Given data -

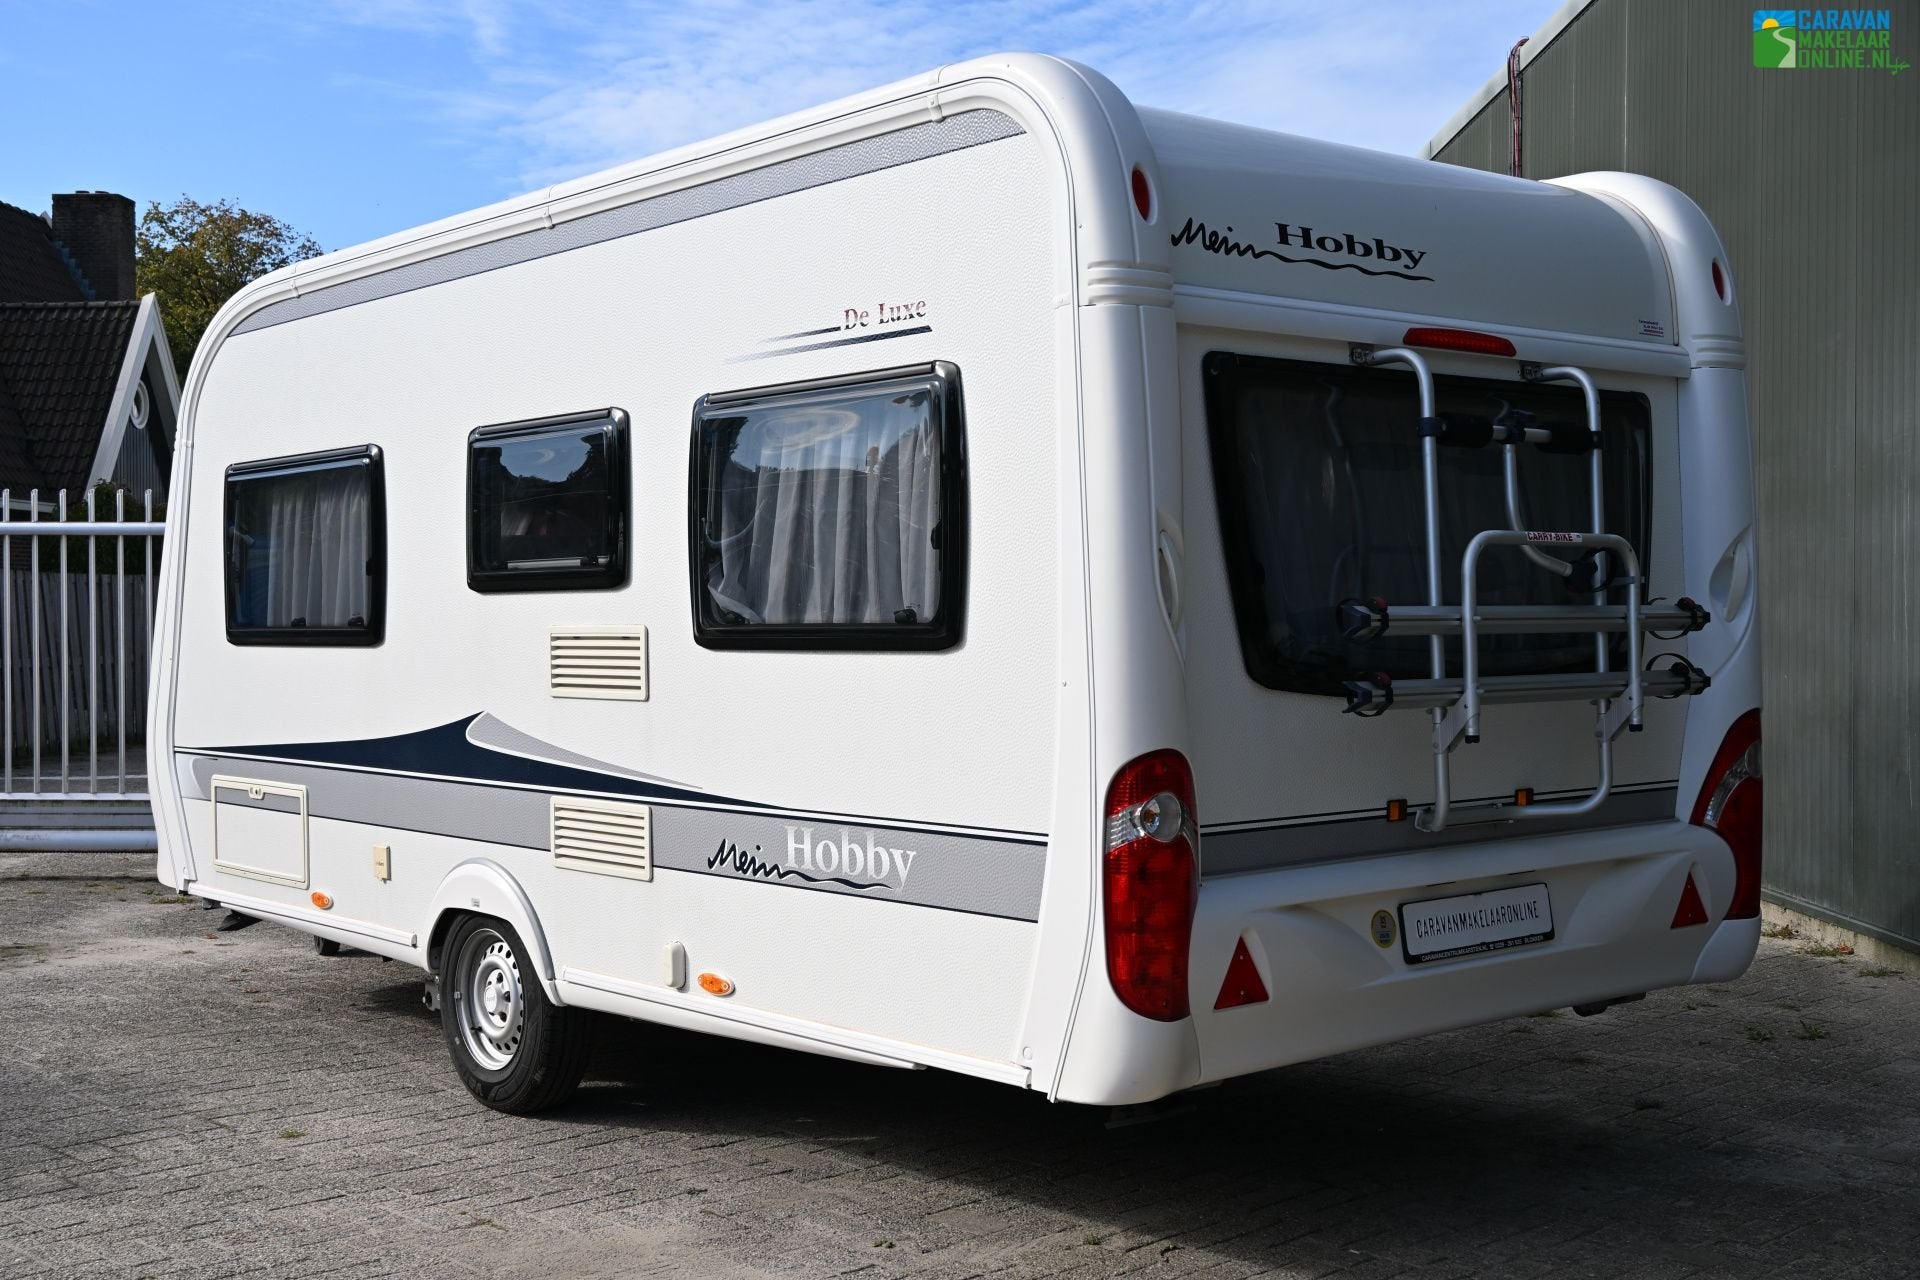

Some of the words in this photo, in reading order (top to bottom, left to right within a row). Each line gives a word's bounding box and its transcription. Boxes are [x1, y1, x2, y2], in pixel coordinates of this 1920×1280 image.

[1170, 216, 1260, 260] Mein
[1274, 222, 1427, 270] Hobby
[843, 308, 870, 331] De
[877, 299, 927, 325] Luxe
[1527, 532, 1574, 542] CARRY-BIKE
[707, 837, 785, 880] Mein
[783, 823, 917, 896] Hobby
[1415, 900, 1540, 939] CARAVANMAKELAARONLINE

What you are asked to do - Every record above must be printed exactly, except for its images.

Output of the task -
Some of the words in this photo, in reading order (top to bottom, left to right within a row). Each line gives a word's bounding box and its transcription. Boxes are [x1, y1, x2, y2], in pixel coordinates of this 1920×1280 image.

[1170, 216, 1260, 260] Mein
[1274, 222, 1427, 270] Hobby
[843, 308, 870, 331] De
[877, 299, 927, 325] Luxe
[1527, 532, 1574, 542] CARRY-BIKE
[707, 837, 785, 880] Mein
[783, 823, 917, 896] Hobby
[1415, 900, 1540, 939] CARAVANMAKELAARONLINE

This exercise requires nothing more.